- Work order: Only the line containing "this 1600×1200 image." and the lines after it, through the end of the data below, are to be returned, each exactly as it stands.

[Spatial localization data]
┄┄┄┄┄┄
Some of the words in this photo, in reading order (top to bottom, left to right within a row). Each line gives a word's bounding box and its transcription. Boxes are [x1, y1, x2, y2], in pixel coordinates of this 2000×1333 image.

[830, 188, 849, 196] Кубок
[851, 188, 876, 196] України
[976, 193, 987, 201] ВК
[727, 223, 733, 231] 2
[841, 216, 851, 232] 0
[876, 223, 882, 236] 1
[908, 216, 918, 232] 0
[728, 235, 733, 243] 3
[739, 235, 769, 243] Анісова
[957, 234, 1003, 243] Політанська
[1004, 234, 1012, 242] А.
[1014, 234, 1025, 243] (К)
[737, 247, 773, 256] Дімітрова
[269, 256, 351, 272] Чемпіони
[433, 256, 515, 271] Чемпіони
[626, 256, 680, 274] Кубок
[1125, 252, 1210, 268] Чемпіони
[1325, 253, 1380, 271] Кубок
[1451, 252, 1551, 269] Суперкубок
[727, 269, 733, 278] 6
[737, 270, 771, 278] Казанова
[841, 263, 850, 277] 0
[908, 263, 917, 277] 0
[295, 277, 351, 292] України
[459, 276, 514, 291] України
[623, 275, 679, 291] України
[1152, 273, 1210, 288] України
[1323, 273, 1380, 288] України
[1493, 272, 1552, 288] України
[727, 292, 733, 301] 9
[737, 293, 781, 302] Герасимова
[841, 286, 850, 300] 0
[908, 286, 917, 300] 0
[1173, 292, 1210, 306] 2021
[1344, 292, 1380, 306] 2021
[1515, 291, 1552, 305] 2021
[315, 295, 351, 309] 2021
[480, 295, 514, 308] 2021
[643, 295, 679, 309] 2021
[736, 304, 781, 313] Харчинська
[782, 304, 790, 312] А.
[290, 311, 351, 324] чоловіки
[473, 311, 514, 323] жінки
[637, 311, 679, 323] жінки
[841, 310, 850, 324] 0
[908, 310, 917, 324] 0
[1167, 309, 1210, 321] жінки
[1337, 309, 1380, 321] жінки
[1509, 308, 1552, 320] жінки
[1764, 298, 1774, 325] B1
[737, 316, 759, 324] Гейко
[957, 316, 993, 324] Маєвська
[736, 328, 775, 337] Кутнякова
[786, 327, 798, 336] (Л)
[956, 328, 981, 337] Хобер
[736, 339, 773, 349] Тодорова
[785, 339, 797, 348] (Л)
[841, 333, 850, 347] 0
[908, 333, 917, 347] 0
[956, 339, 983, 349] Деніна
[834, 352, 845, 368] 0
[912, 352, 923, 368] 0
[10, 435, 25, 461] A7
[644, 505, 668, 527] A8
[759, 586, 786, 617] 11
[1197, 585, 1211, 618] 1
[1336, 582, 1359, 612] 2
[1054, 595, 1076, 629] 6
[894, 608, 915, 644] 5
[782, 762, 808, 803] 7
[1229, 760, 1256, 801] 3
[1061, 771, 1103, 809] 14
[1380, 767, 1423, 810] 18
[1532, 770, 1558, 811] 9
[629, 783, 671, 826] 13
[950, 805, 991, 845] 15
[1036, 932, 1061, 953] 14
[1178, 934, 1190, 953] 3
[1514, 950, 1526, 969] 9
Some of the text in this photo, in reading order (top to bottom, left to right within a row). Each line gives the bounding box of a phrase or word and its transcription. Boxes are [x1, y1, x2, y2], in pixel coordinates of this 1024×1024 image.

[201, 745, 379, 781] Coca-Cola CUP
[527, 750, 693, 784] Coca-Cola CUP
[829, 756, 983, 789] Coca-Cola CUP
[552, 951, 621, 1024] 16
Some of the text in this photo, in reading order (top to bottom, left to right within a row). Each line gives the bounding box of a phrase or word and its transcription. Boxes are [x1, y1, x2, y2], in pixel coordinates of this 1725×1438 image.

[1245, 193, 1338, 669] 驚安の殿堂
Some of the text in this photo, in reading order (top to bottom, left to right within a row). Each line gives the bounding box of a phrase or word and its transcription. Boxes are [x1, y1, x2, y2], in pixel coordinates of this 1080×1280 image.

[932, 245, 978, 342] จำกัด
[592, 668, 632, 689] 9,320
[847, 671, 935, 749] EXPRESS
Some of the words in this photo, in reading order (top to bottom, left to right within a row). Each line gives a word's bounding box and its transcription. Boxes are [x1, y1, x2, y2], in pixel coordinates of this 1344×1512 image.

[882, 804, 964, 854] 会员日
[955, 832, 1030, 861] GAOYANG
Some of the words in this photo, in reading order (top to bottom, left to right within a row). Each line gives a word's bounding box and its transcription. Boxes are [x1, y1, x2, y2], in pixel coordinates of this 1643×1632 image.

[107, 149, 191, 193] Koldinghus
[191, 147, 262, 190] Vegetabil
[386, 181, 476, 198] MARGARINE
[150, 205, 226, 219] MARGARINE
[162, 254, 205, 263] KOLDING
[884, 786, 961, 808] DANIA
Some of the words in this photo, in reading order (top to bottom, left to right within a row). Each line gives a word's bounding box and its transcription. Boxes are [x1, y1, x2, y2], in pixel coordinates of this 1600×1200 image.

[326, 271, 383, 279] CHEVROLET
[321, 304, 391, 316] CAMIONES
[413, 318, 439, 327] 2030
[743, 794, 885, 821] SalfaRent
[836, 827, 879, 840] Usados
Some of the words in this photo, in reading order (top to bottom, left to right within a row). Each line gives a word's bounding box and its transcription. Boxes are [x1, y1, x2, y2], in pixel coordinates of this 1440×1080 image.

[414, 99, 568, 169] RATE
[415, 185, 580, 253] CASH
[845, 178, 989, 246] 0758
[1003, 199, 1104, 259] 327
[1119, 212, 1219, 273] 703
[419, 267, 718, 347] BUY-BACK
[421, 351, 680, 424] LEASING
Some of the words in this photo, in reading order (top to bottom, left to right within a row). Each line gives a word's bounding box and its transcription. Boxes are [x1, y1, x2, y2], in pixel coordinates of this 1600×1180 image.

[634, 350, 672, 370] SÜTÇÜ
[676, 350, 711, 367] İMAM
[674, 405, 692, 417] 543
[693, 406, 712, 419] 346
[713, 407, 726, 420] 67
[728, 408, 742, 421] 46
┄┄┄┄┄┄
- Output for this task:
Some of the words in this photo, in reading order (top to bottom, left to right within a row). Each line gives a word's bounding box and its transcription. Boxes are [x1, y1, x2, y2], in pixel coordinates of this 1600×1200 image.

[326, 271, 383, 279] CHEVROLET
[321, 304, 391, 316] CAMIONES
[413, 318, 439, 327] 2030
[743, 794, 885, 821] SalfaRent
[836, 827, 879, 840] Usados
Some of the words in this photo, in reading order (top to bottom, left to right within a row). Each line gives a word's bounding box and its transcription. Boxes are [x1, y1, x2, y2], in pixel coordinates of this 1440×1080 image.

[414, 99, 568, 169] RATE
[415, 185, 580, 253] CASH
[845, 178, 989, 246] 0758
[1003, 199, 1104, 259] 327
[1119, 212, 1219, 273] 703
[419, 267, 718, 347] BUY-BACK
[421, 351, 680, 424] LEASING
Some of the words in this photo, in reading order (top to bottom, left to right within a row). Each line gives a word's bounding box and its transcription. Boxes are [x1, y1, x2, y2], in pixel coordinates of this 1600×1180 image.

[634, 350, 672, 370] SÜTÇÜ
[676, 350, 711, 367] İMAM
[674, 405, 692, 417] 543
[693, 406, 712, 419] 346
[713, 407, 726, 420] 67
[728, 408, 742, 421] 46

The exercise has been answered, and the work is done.